For the first time in nearly 100 years, a political newcomer is stepping into the high-stakes, pressure-cooker position of federal finance minister. Multi-millionaire Toronto businessman Bill Morneau takes over the file at a critical time, as the economy struggles to rebound from the steep drop in the price of oil and other commodities.
Morneau, sworn in Wednesday as a key member of Justin Trudeau’s new Liberal cabinet, is the first political rookie to take on Finance since 1919, but he brings considerable experience from the business world.
Until recently, he was executive chairman of Morneau Shepell, the country’s largest human resources consulting firm. He resigned from his post at Morneau Shepell a week after last month’s election, but his holdings in the company will likely come under scrutiny now that he’s finance minister. Morneau still owns nearly a five per cent stake in the company, Canada’s largest administrator of pension plans.
Pension enhancement is just one of many economic campaign promises on which Trudeau’s Liberal government will now have to make good. Indeed, Morneau—a member of Trudeau’s economic advisory group—will have a number of pressing files to juggle.
Trudeau has promised that his government’s first piece of legislation would be a tax cut for middle-income earners, to be paid for by making Canadians in higher brackets pay more. Morneau will also have to produce a fiscal update and then a budget. The documents will have to account for a growth outlook that has dimmed since the last time the government’s projections were made public. The Liberals have also vowed to replace the Conservative government’s income-splitting program for families and its increase to the contribution limit on tax-free savings accounts.
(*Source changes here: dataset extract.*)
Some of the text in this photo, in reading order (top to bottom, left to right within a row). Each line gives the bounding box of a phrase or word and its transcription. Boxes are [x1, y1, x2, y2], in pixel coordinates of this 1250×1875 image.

The laundry list of promised changes would be imposing for any incoming finance minister, even a seasoned parliamentarian. William Robson, president of the C.D. Howe Institute think tank, said he expected someone with more experience to get the job.
But Robson believes Morneau, who served as C.D. Howe’s chairman until last year, is a good choice particularly because his background will reassure the business community. “I didn’t expect this,” Robson said of his former colleague’s appointment. “It had been often talked about, but if I had been putting money down, I don’t know if I would have won anything.”
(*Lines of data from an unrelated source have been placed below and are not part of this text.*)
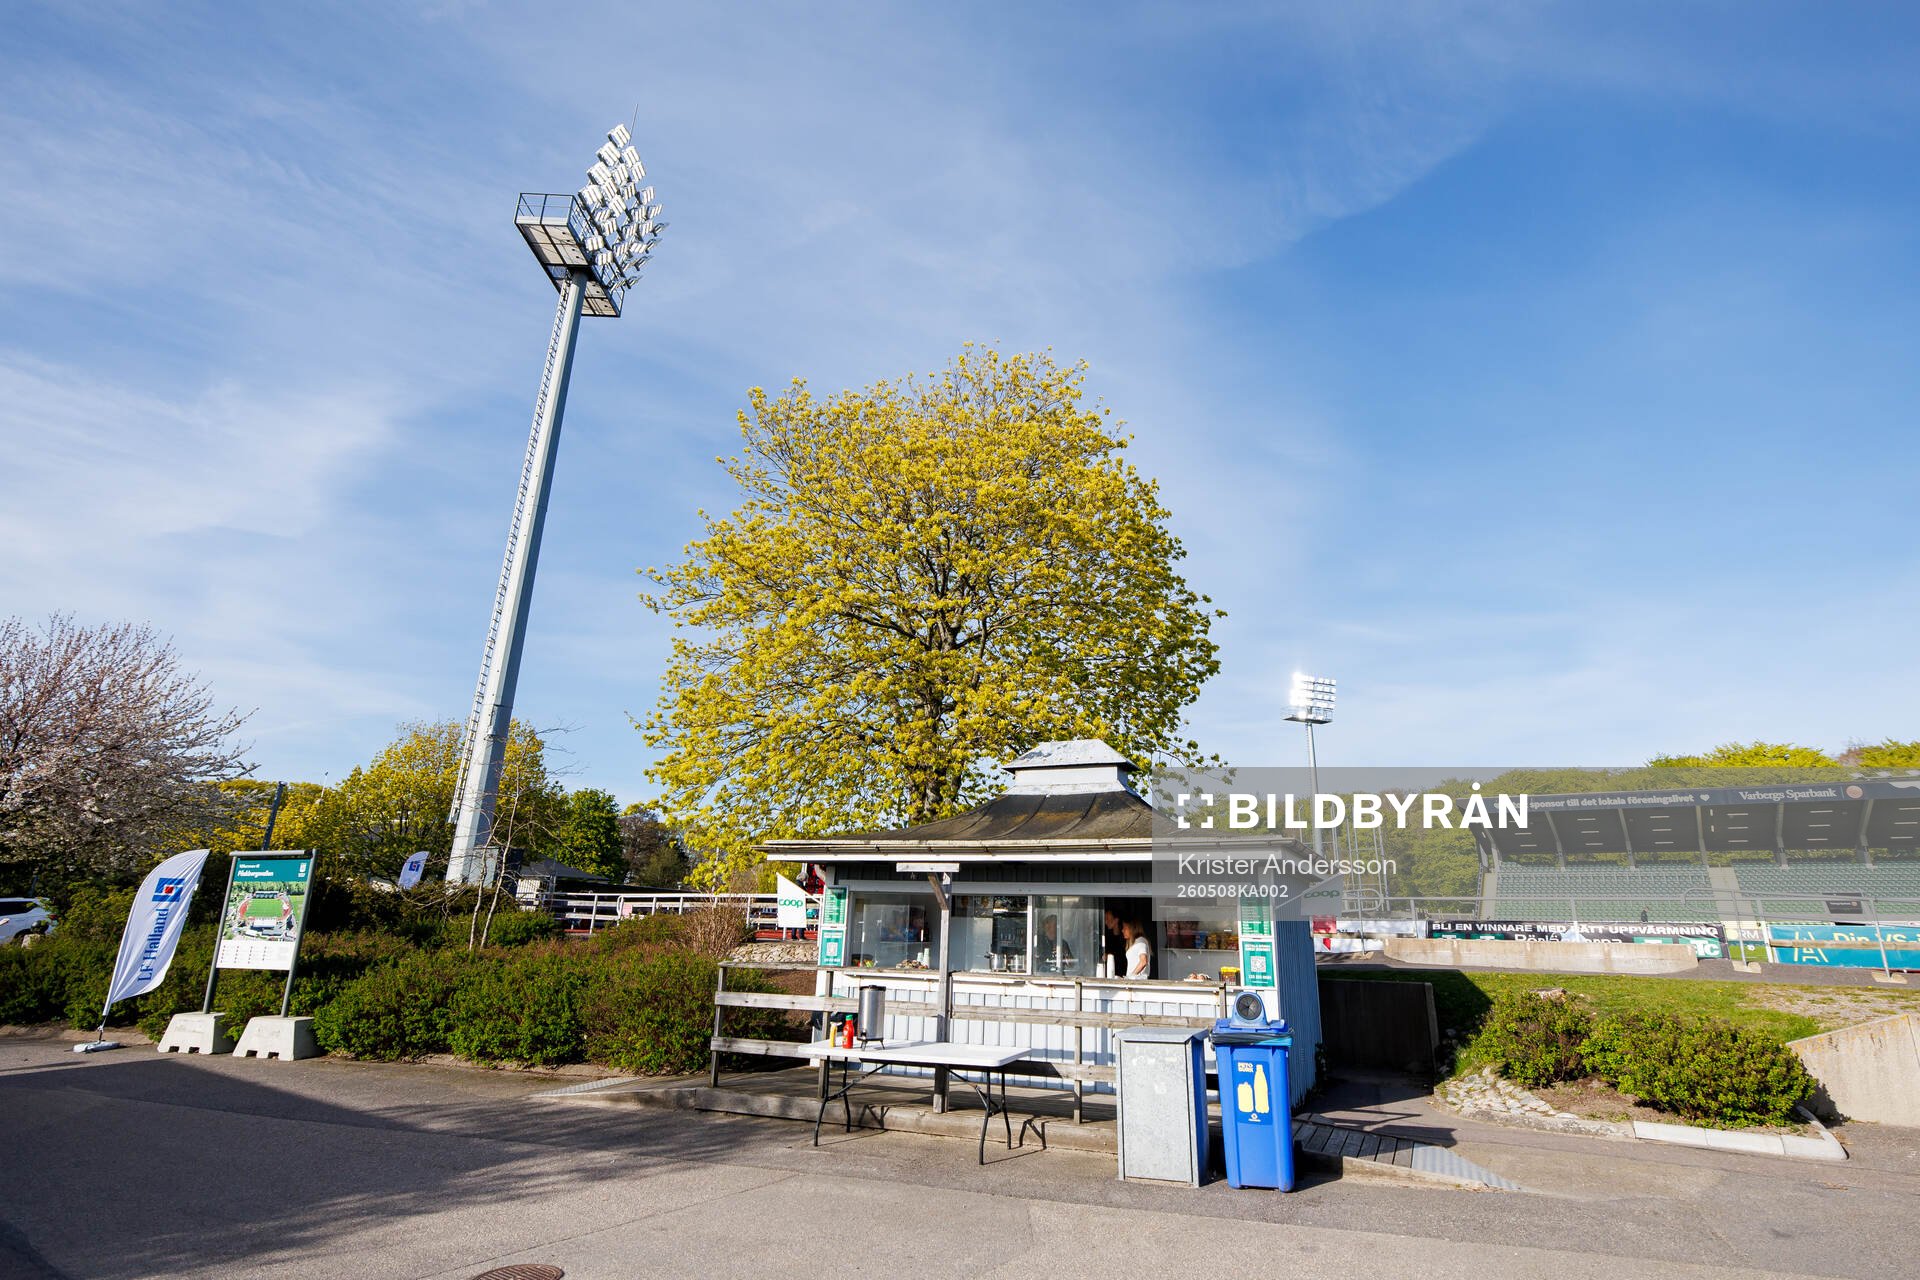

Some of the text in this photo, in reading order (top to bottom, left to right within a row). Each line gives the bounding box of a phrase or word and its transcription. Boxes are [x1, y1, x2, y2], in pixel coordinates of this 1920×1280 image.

[1739, 788, 1837, 801] Varbergs Sparbank
[1530, 799, 1565, 809] sponsor
[1567, 798, 1579, 807] till
[1581, 798, 1597, 806] det
[1598, 797, 1626, 806] lokala
[1627, 795, 1694, 805] föreningslivet
[1304, 890, 1340, 899] coop
[779, 899, 803, 908] coop
[1432, 923, 1451, 931] BLI
[1455, 923, 1472, 931] EN
[1476, 924, 1532, 932] VINNARE
[1536, 924, 1566, 933] MED
[1608, 924, 1718, 938] UPPVÄRMNING
[138, 908, 169, 981] LF Halland
One of the biggest challenges for Morneau, who has excellent people skills, will be keeping Trudeau’s promised deficits from ballooning out of control, Robson added. He said Morneau will likely be forced to say “no” to many groups and provinces that will pressure him to crack open the public purse.
The Liberals pledged to run shortfalls of no more than $10 billion in each of the next three years. Trudeau plans to use the deficits to help fund investments like infrastructure, which he argues will stimulate the economy and create jobs.